▸ WHAT IS REQUIRED:
Every record below should be repeated exactly. Omit the pictures.

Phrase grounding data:

──────────────────────────────

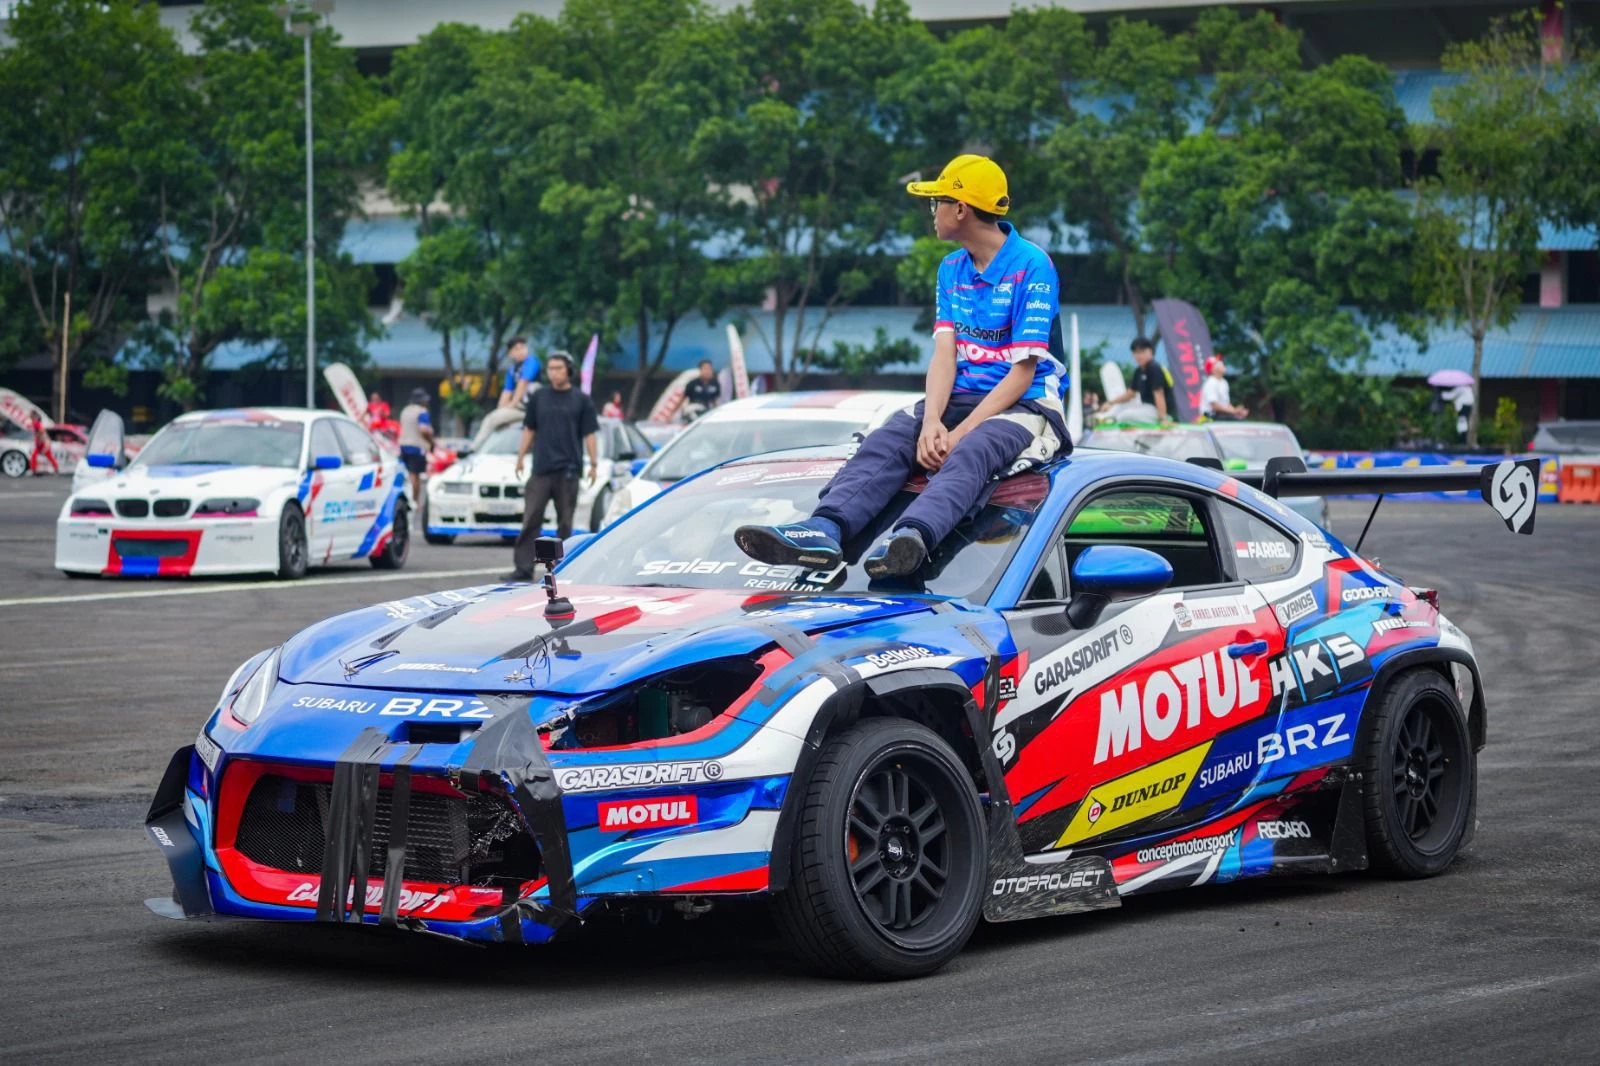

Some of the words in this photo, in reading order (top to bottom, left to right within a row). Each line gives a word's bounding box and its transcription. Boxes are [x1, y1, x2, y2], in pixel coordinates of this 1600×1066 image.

[1247, 541, 1291, 558] FARREL
[636, 558, 737, 575] Solar
[1283, 593, 1315, 621] VANOS
[865, 646, 934, 668] Belkote
[1270, 633, 1365, 697] HKS
[292, 696, 377, 715] SUBARU
[378, 697, 495, 719] BRZ
[1093, 645, 1260, 766] MOTUL
[1199, 751, 1253, 789] SUBARU
[1257, 713, 1350, 764] BRZ
[1110, 773, 1187, 814] DUNLOP
[605, 800, 692, 826] MOTUL
[1257, 821, 1311, 840] RECARO
[1137, 828, 1238, 864] conceptmotorsport
[992, 869, 1104, 895] OTOPROJECT
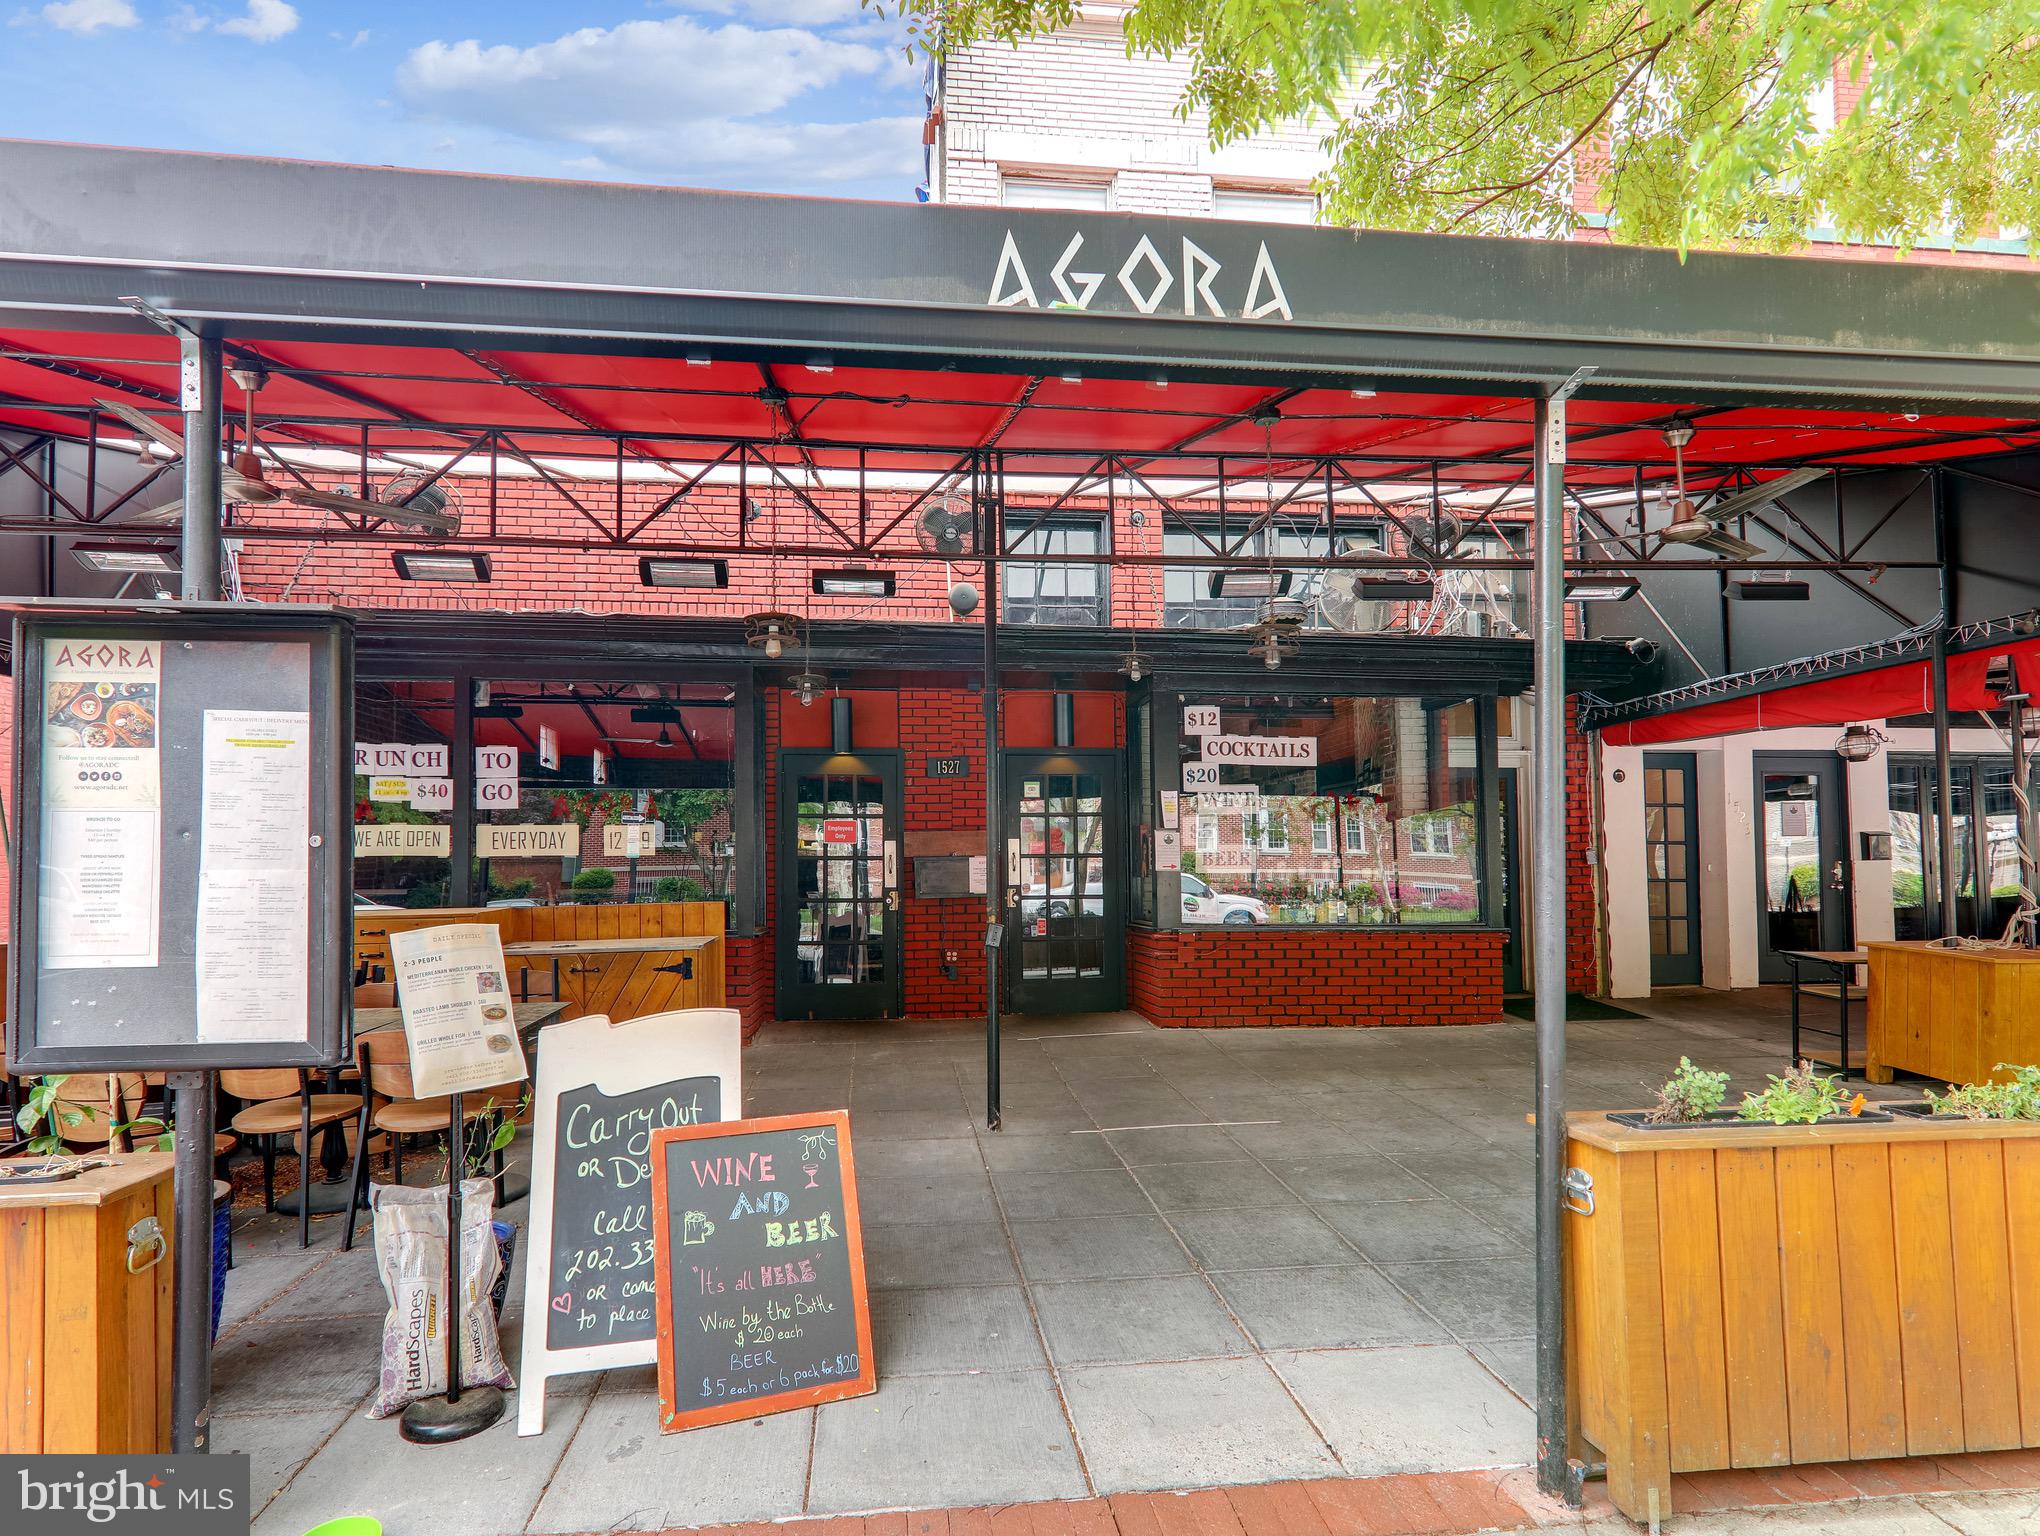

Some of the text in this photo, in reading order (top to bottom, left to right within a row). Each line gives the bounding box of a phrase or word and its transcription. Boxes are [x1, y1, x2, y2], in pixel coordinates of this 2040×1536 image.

[987, 228, 1294, 321] AGORA
[55, 644, 154, 669] AGORA
[1187, 711, 1218, 728] $12
[1206, 740, 1311, 759] COCKTAILS
[481, 752, 512, 769] TO
[936, 760, 960, 774] 1527
[1186, 767, 1217, 785] $20
[417, 782, 448, 799] $40
[482, 783, 513, 801] GO
[354, 830, 441, 847] WE ARE OPEN
[827, 825, 854, 834] Employees
[834, 832, 847, 841] Only
[492, 831, 567, 850] EVERYDAY
[609, 831, 623, 850] 12
[641, 831, 650, 850] 9
[1202, 850, 1252, 866] BEER
[432, 934, 454, 943] DAILY
[403, 955, 443, 968] 2-3 PEOPLE
[412, 1006, 435, 1016] ROASTED
[435, 1003, 451, 1012] LAMB
[416, 1036, 438, 1047] GRILLED
[566, 1093, 704, 1156] Carry Out
[608, 1156, 653, 1189] De
[690, 1152, 776, 1188] WINE
[729, 1191, 790, 1221] AND
[593, 1204, 648, 1236] Call
[765, 1210, 840, 1248] BEER
[564, 1239, 655, 1283] 202.33
[735, 1269, 756, 1292] all
[576, 1305, 652, 1336] to place
[699, 1293, 837, 1333] Wine by the Bottle
[406, 1288, 424, 1393] HardScapes
[467, 1311, 483, 1364] HardScap
[777, 1324, 804, 1340] each
[730, 1350, 777, 1371] BEER
[729, 1378, 759, 1396] each
[762, 1378, 775, 1390] or
[779, 1368, 790, 1388] 6
[793, 1363, 820, 1386] pack
[820, 1359, 834, 1375] for
[834, 1353, 859, 1376] $20

──────────────────────────────

▸ THE COMPLETED TASK:
Some of the words in this photo, in reading order (top to bottom, left to right within a row). Each line gives a word's bounding box and its transcription. Boxes are [x1, y1, x2, y2], in pixel coordinates of this 1600×1066 image.

[1247, 541, 1291, 558] FARREL
[636, 558, 737, 575] Solar
[1283, 593, 1315, 621] VANOS
[865, 646, 934, 668] Belkote
[1270, 633, 1365, 697] HKS
[292, 696, 377, 715] SUBARU
[378, 697, 495, 719] BRZ
[1093, 645, 1260, 766] MOTUL
[1199, 751, 1253, 789] SUBARU
[1257, 713, 1350, 764] BRZ
[1110, 773, 1187, 814] DUNLOP
[605, 800, 692, 826] MOTUL
[1257, 821, 1311, 840] RECARO
[1137, 828, 1238, 864] conceptmotorsport
[992, 869, 1104, 895] OTOPROJECT

Some of the text in this photo, in reading order (top to bottom, left to right within a row). Each line gives the bounding box of a phrase or word and its transcription. Boxes are [x1, y1, x2, y2], in pixel coordinates of this 2040×1536 image.

[987, 228, 1294, 321] AGORA
[55, 644, 154, 669] AGORA
[1187, 711, 1218, 728] $12
[1206, 740, 1311, 759] COCKTAILS
[481, 752, 512, 769] TO
[936, 760, 960, 774] 1527
[1186, 767, 1217, 785] $20
[417, 782, 448, 799] $40
[482, 783, 513, 801] GO
[354, 830, 441, 847] WE ARE OPEN
[827, 825, 854, 834] Employees
[834, 832, 847, 841] Only
[492, 831, 567, 850] EVERYDAY
[609, 831, 623, 850] 12
[641, 831, 650, 850] 9
[1202, 850, 1252, 866] BEER
[432, 934, 454, 943] DAILY
[403, 955, 443, 968] 2-3 PEOPLE
[412, 1006, 435, 1016] ROASTED
[435, 1003, 451, 1012] LAMB
[416, 1036, 438, 1047] GRILLED
[566, 1093, 704, 1156] Carry Out
[608, 1156, 653, 1189] De
[690, 1152, 776, 1188] WINE
[729, 1191, 790, 1221] AND
[593, 1204, 648, 1236] Call
[765, 1210, 840, 1248] BEER
[564, 1239, 655, 1283] 202.33
[735, 1269, 756, 1292] all
[576, 1305, 652, 1336] to place
[699, 1293, 837, 1333] Wine by the Bottle
[406, 1288, 424, 1393] HardScapes
[467, 1311, 483, 1364] HardScap
[777, 1324, 804, 1340] each
[730, 1350, 777, 1371] BEER
[729, 1378, 759, 1396] each
[762, 1378, 775, 1390] or
[779, 1368, 790, 1388] 6
[793, 1363, 820, 1386] pack
[820, 1359, 834, 1375] for
[834, 1353, 859, 1376] $20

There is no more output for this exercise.